It is entirely possible that the multi-hub model will never be realized, that many of the possible hubs will forever be perceived as too inconvenient to densely develop. A whole range of factors need to come together for the successful creation of business clusters. But even if it turns out that Boston and Cambridge remain the uniquely vibrant center of our economy, regional rail is necessary to make Boston and surrounding communities more livable by reducing commuter congestion.

There is no question that reducing congestion depends on persuading people not to drive alone. But there is some debate about whether ride sharing (in cars or vans) or mass transit or some combination is the best long-term solution. I do not believe that there will be a universal solution — the solution has to depend on the particular region. But in greater Boston, the way forward seems clear: We have a rich existing network of rail and subway connections and very finite road capacity. We need to make the fullest possible use of the rail and subway network, increasing the carrying capacity of both. Of course, we also want to improve bus service and explore partnerships with shared-ride services to provide “last-mile” service.

There are important equity reasons for improving the rail network. In the scenario where development remains concentrated in Boston and congestion continues to increase because neither ride-sharing nor mass transit expands enough to absorb the growth, people with higher incomes will find their own solutions. They will price current residents out of the walkable, subway-served heart of Boston. And/or they will structure their lives so as to do their work at home and minimize commuting. People working in lower income service and labor roles will not have those options and will be increasingly forced to endure long and inconvenient commutes. We see these trends underway already. If we can build regional rail and ignite alternative hub development, we will need to assure that some of that development does, in fact, include affordable housing. Otherwise people with lower incomes will be continue to pushed out to more remote suburbs where their transit options and access to other services is limited.

Bottom line: Regional rail seems like the way to seed a multi-hub development pattern that will be more sustainable over the very long term. It also seems like an important strategy towards combating congestion even if our economic growth remains concentrated around Boston.

MassDOT has already initiated a Rail Vision Study. The Rail Vision team is trying to understand very specifically the rail network that already exists and the mechanics of expanding it in different ways. Towards the end of this year, that process will define some options and some order of magnitude costs associated with them.

The challenge will be to begin to move in the right direction with initial investments that offer the highest returns and the lowest project risks. It is neither intellectually honest nor politically feasible to commit to a single gigantic regional rail plan, but I hope we can reach consensus around first steps that are clearly sensible and roughly consistent with the longer term vision sketched here.

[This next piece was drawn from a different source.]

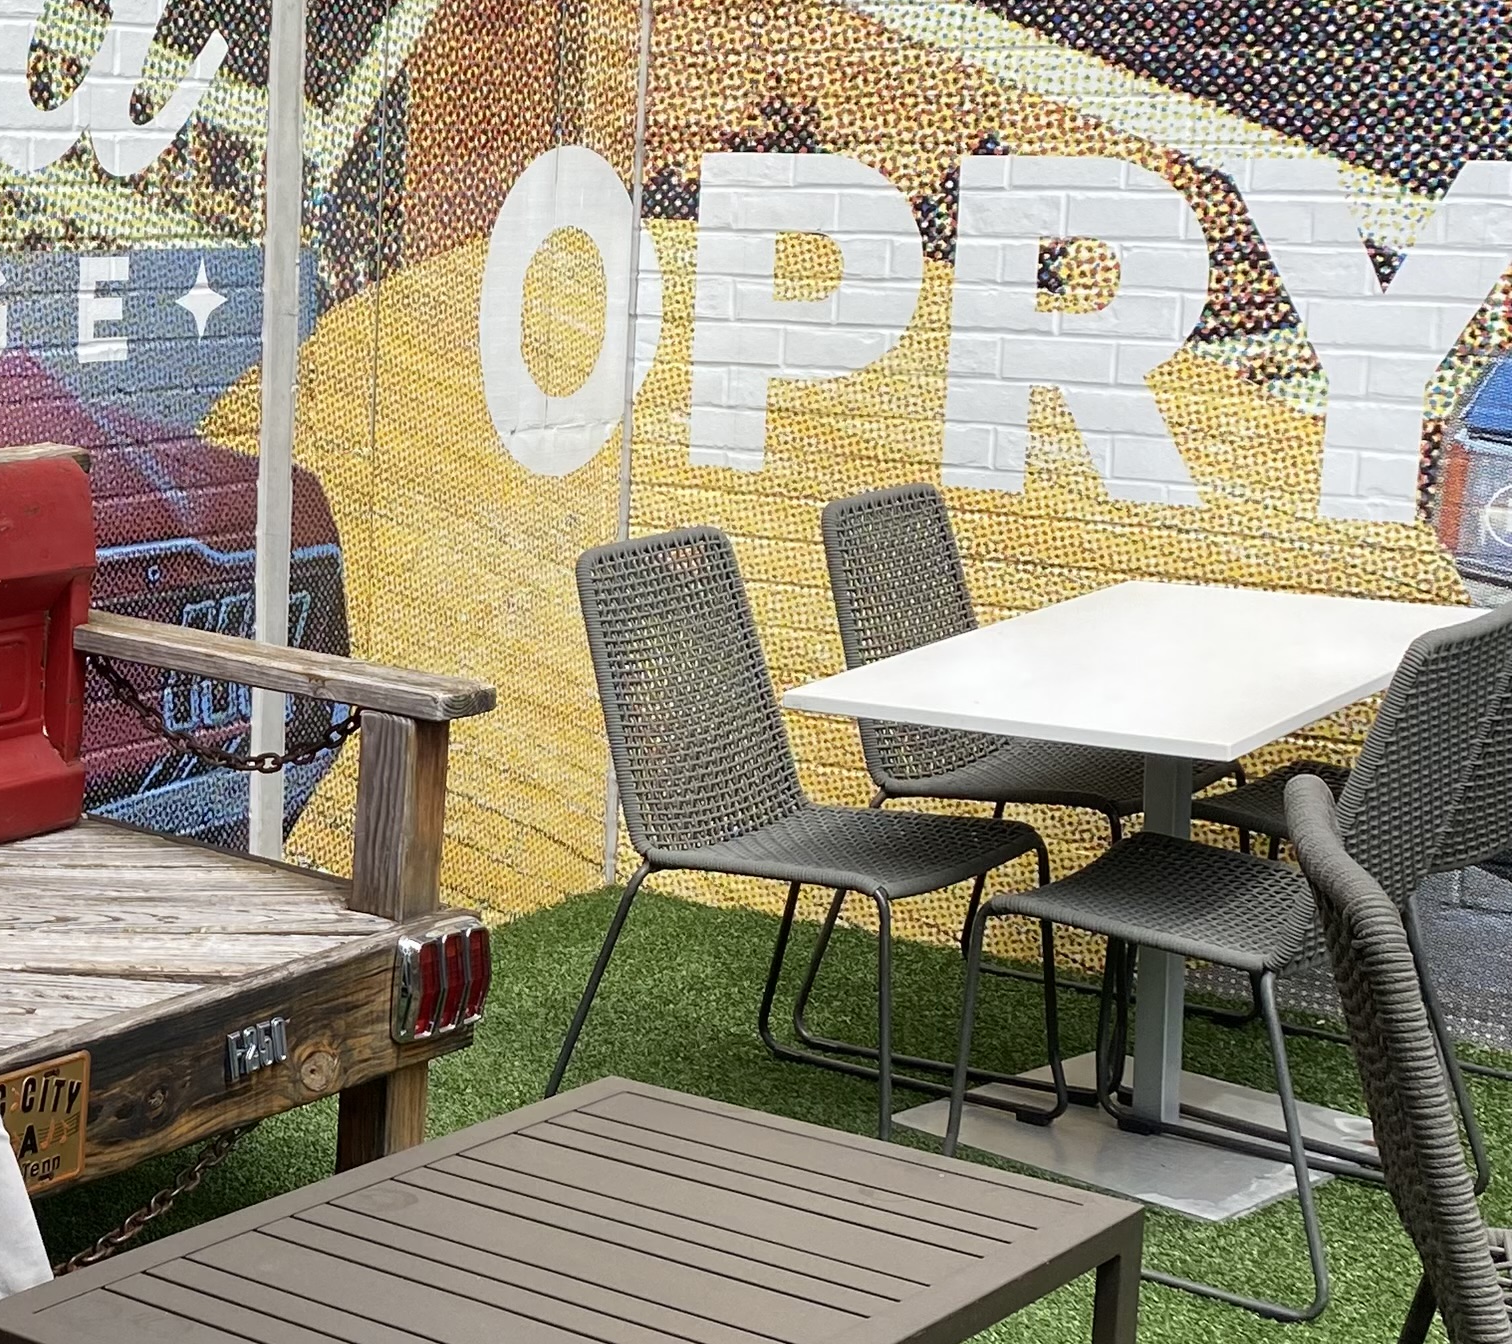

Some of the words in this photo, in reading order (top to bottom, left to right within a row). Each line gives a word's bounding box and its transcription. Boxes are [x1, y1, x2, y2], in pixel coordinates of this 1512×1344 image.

[479, 144, 1512, 523] OPRY
[20, 1075, 82, 1114] CITY
[22, 1154, 61, 1179] Tenn

I think that there is a lot of upside for the district that I represent: Belmont, Watertown, Brighton, Fenway and Back Bay all stand to gain from improved rail connections. They are all residential sources of commuters; they are all the location of businesses to which people commute; and they are all cut-through communities for drivers who might be enticed to use higher quality rail. My hope is that the Rail Vision analysis will demonstrate clear feasibility and value for the urban elements of the regional rail vision, the elements that will bring better service to my communities.

There is a lot to talk about here — I’d especially welcome comments questioning my implicit or explicit assumptions.

Additional Thoughts, May 13, 2019

I am very grateful to all who have weighed in here. I have read all of the comments carefully from front to back. Some of them express concerns about my thinking. Some of them comment conflict with each other. I agree with all of the comments in the following sense: they all raise valid issues that we have to grapple with as we peer into the future. Having all of these thoughts together in one thread is great. Thanks again to all.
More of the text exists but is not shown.